## MATERIAL FOR THE TASK
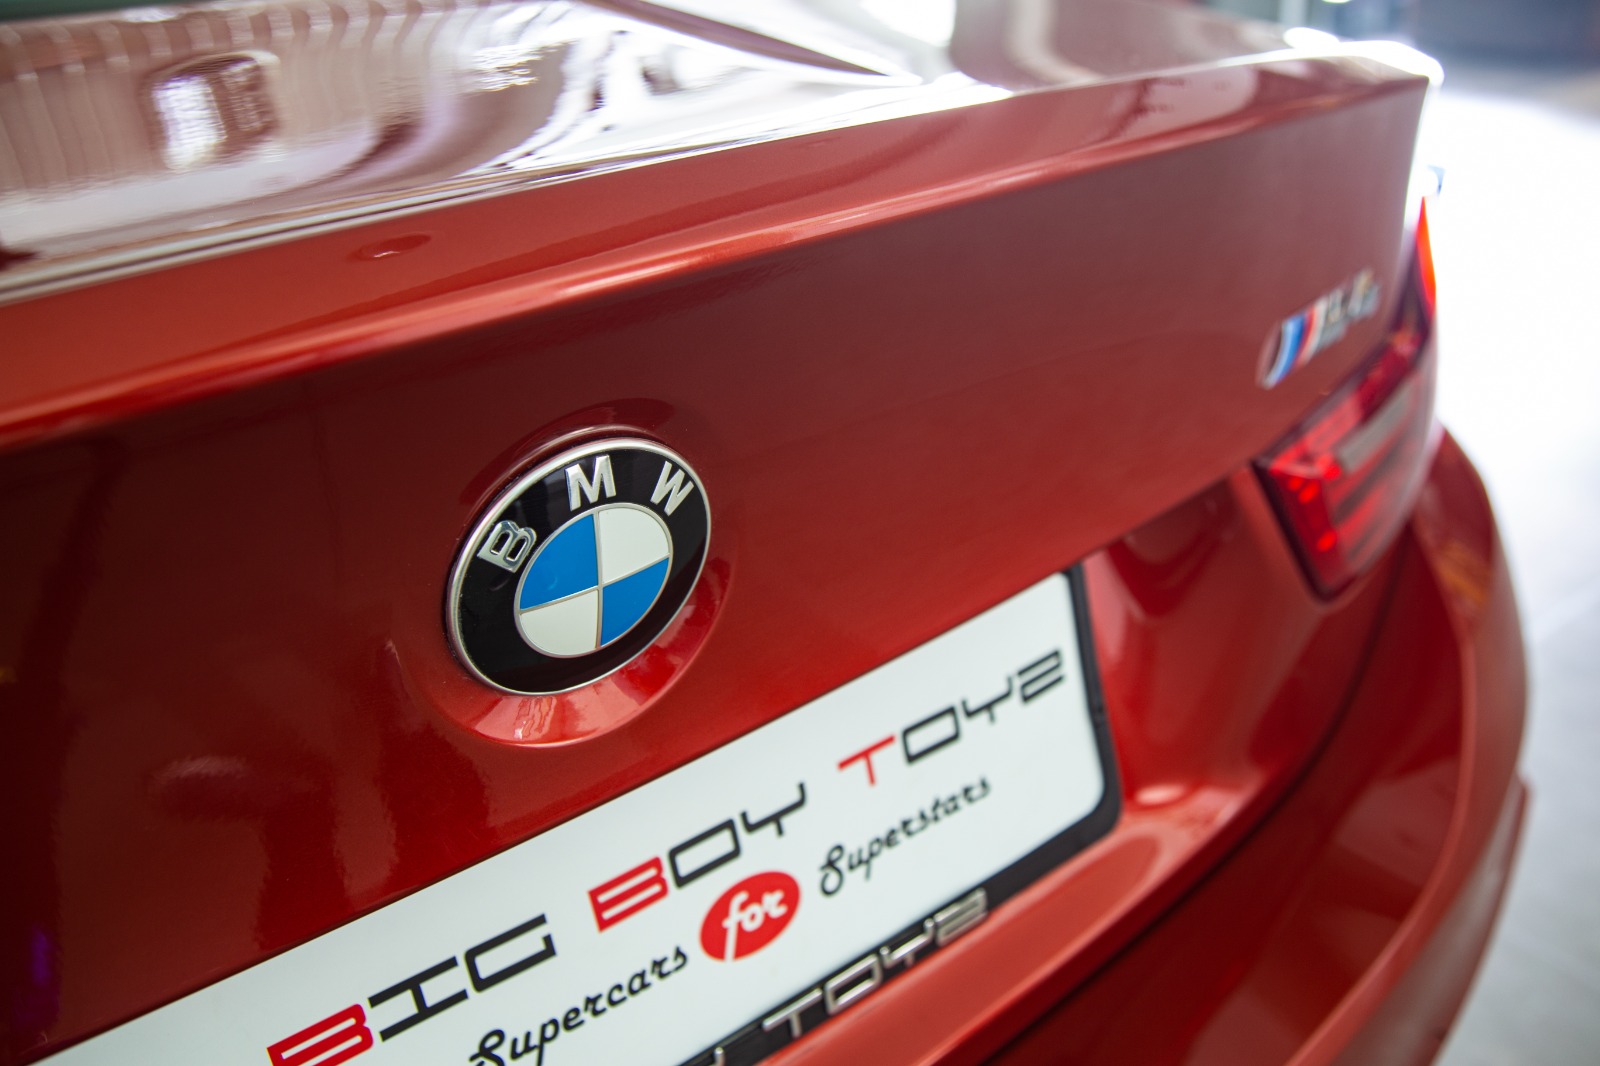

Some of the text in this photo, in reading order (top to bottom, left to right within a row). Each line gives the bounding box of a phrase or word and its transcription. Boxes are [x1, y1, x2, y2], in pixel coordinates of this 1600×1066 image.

[477, 454, 694, 573] BMW
[266, 913, 557, 1066] BIG
[588, 781, 806, 933] BOY
[468, 777, 991, 1066] Supercars for Superstars
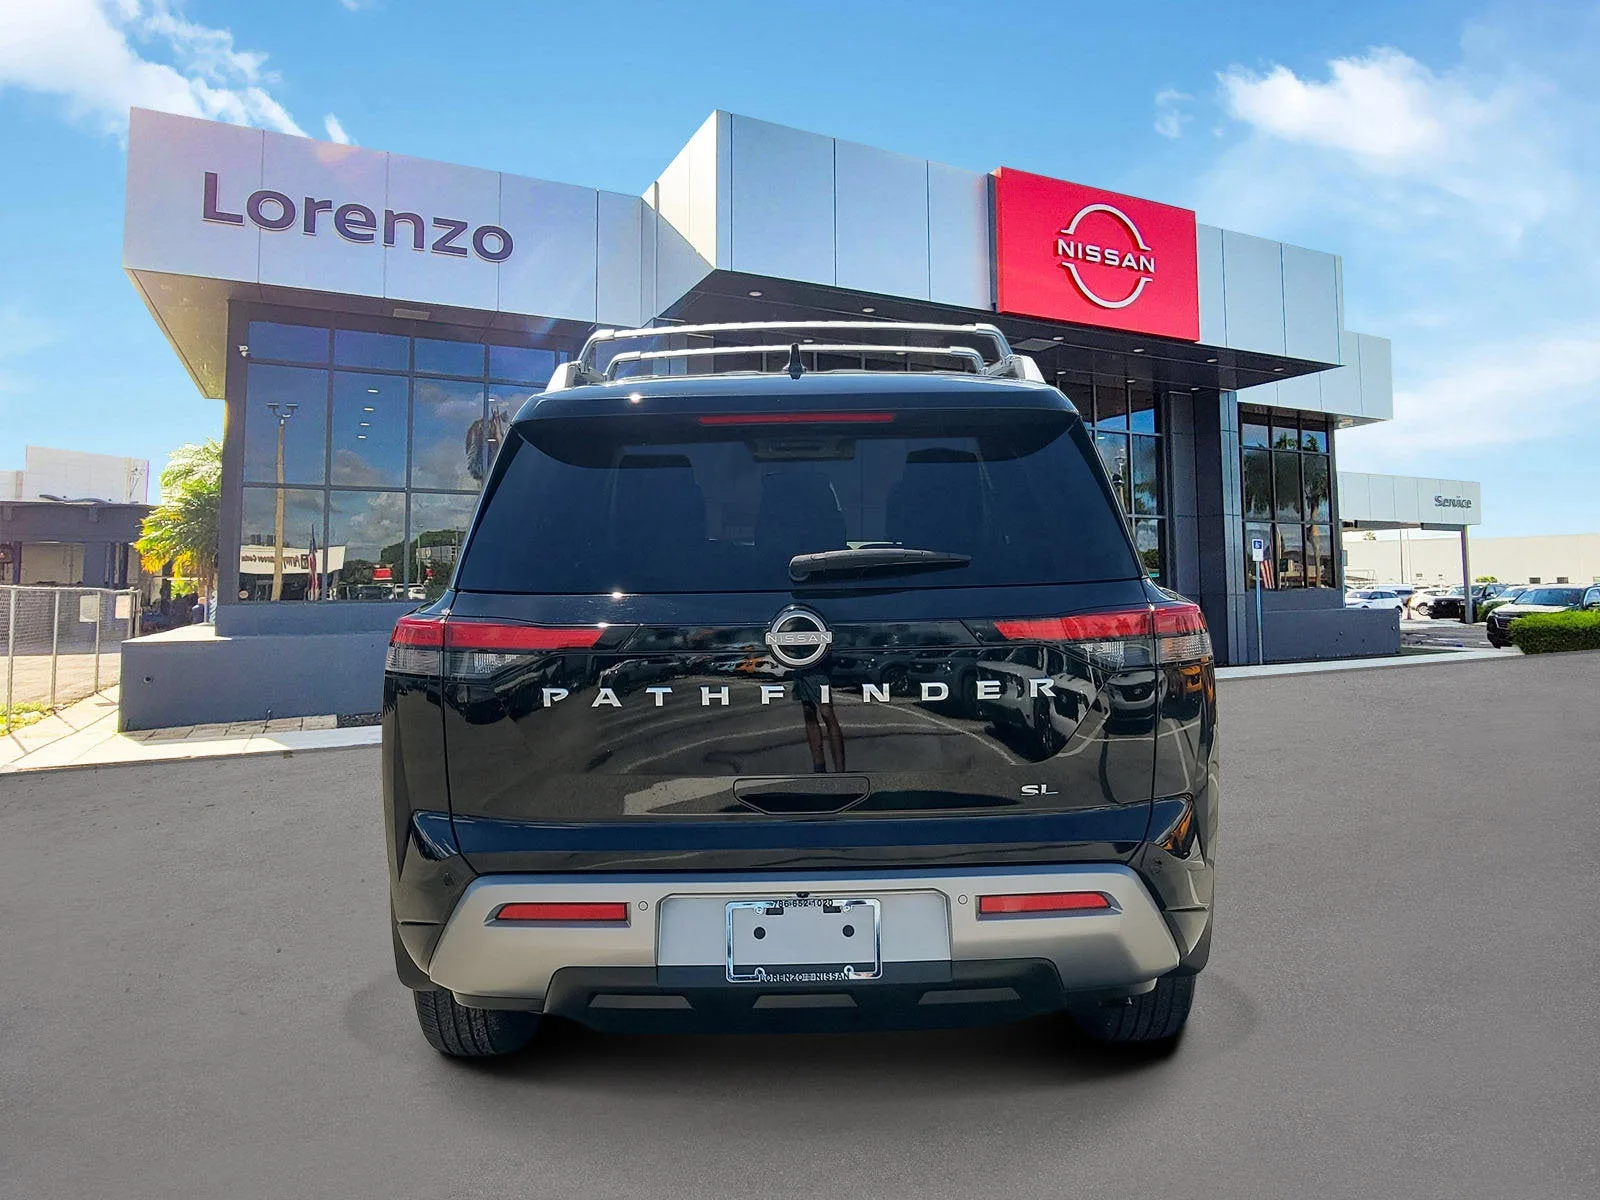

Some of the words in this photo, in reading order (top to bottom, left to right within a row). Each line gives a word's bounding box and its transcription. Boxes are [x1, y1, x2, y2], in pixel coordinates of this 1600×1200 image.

[202, 171, 514, 262] Lorenzo
[1057, 238, 1155, 273] NISSAN
[1434, 495, 1472, 508] Service
[767, 634, 830, 643] NISSAN
[542, 678, 1056, 708] PATHFINDER
[1021, 784, 1059, 796] SL
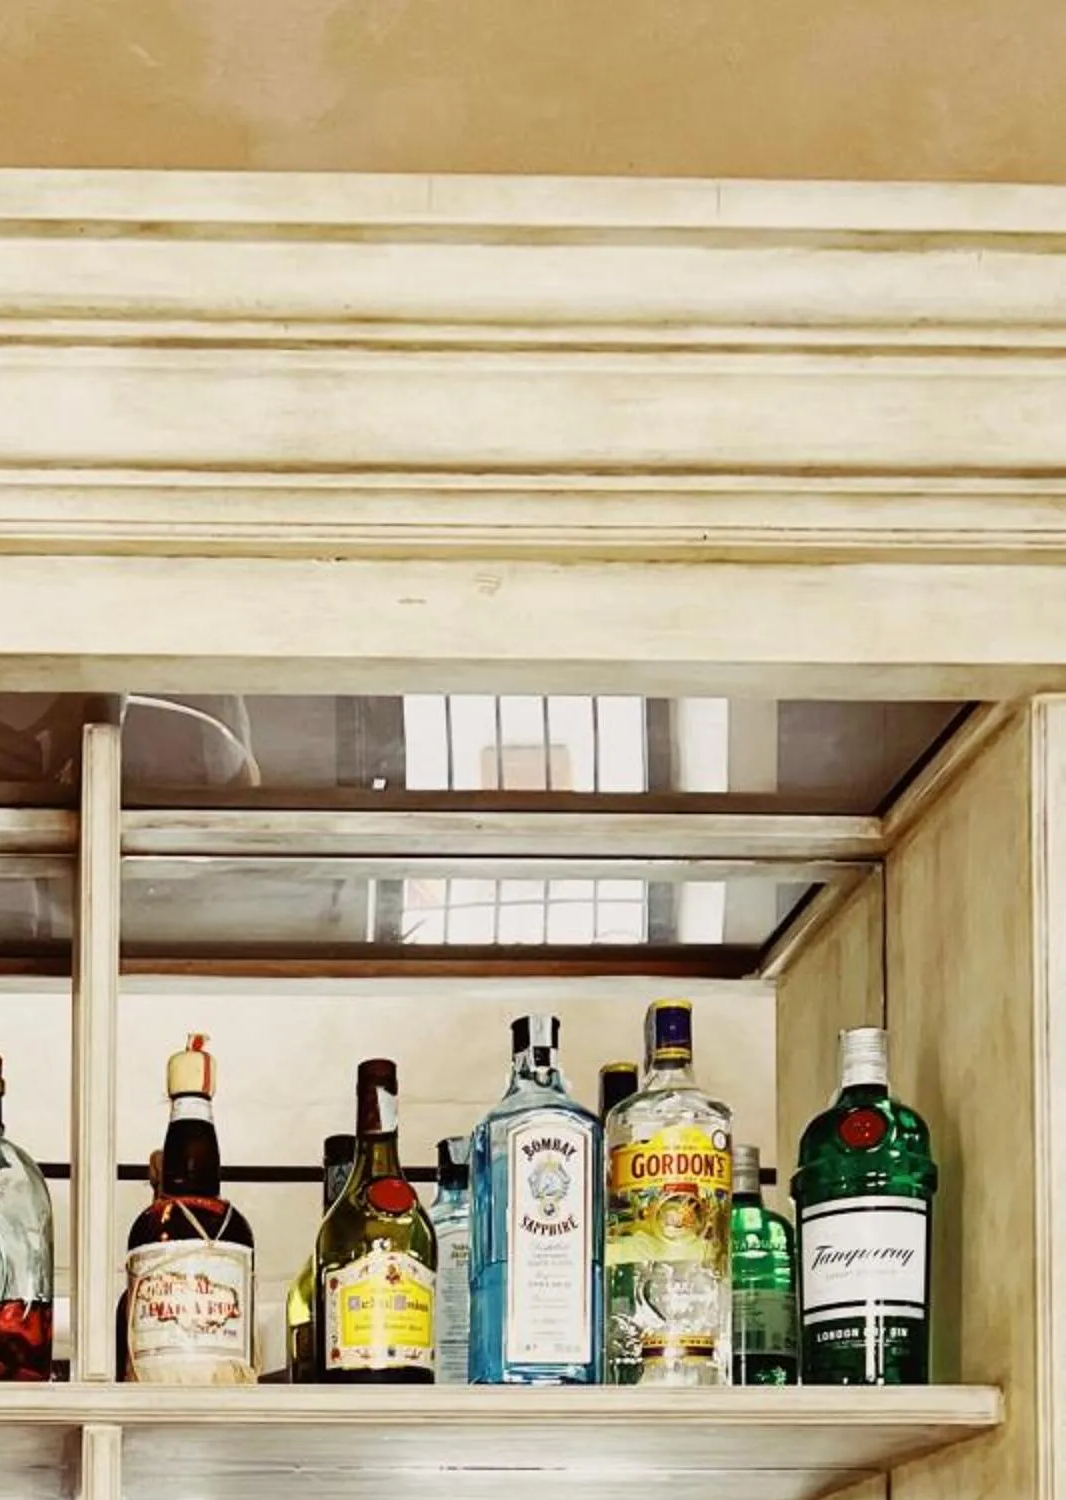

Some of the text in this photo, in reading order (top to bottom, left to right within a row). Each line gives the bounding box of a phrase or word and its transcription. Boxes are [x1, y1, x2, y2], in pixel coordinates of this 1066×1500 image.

[521, 1137, 578, 1161] BOMBAY
[631, 1153, 726, 1178] GORDON'S
[520, 1214, 580, 1237] SAPPHIRE
[811, 1245, 915, 1270] Tanqueray
[817, 1328, 860, 1342] LONDON
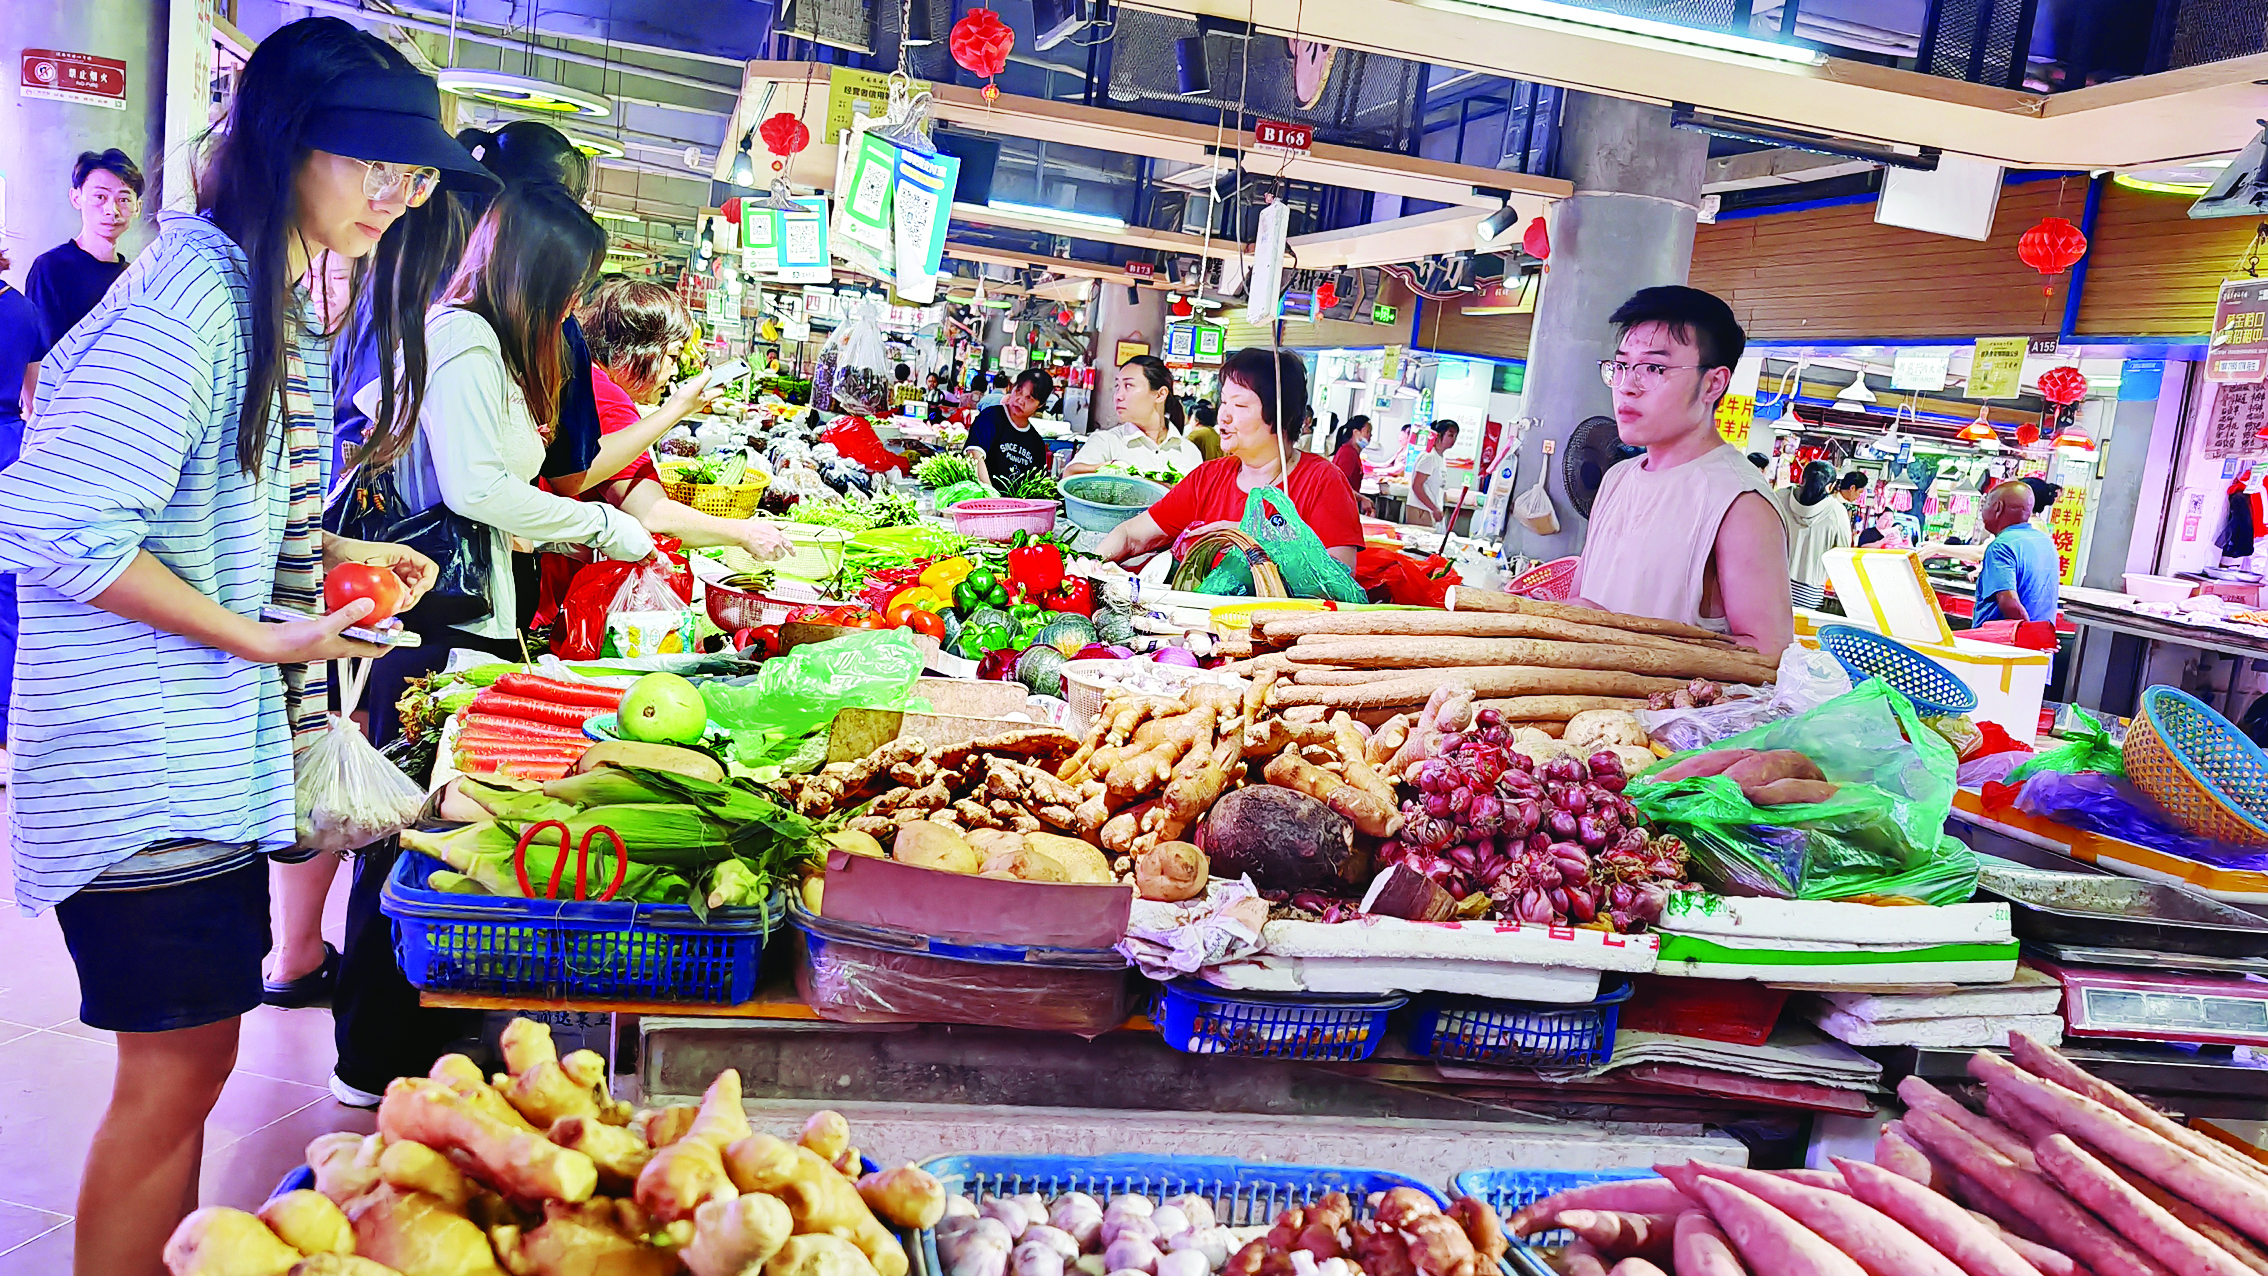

## YOUR GOAL
Your task is to set down each line above verbatim while excluding the pictures.

## SOLUTION
Some of the text in this photo, in reading order (top to bottom, left to right within a row). Each line gives the bounding box of a phrase or word and its transcription. Boxes are [x1, y1, x2, y2], in pixel coordinates of this 1600×1066 image.

[477, 454, 694, 573] BMW
[266, 913, 557, 1066] BIG
[588, 781, 806, 933] BOY
[468, 777, 991, 1066] Supercars for Superstars

Some of the words in this photo, in reading order (top to bottom, left to right within a row). Each line gives a word's bounding box and its transcription. Boxes are [x1, y1, x2, y2], in pixel coordinates of this 1600×1200 image.

[202, 171, 514, 262] Lorenzo
[1057, 238, 1155, 273] NISSAN
[1434, 495, 1472, 508] Service
[767, 634, 830, 643] NISSAN
[542, 678, 1056, 708] PATHFINDER
[1021, 784, 1059, 796] SL

Some of the text in this photo, in reading order (top to bottom, left to right within a row). Each line gives the bounding box of a phrase or word and its transcription. Boxes are [x1, y1, x2, y2], in pixel coordinates of this 1066×1500 image.

[521, 1137, 578, 1161] BOMBAY
[631, 1153, 726, 1178] GORDON'S
[520, 1214, 580, 1237] SAPPHIRE
[811, 1245, 915, 1270] Tanqueray
[817, 1328, 860, 1342] LONDON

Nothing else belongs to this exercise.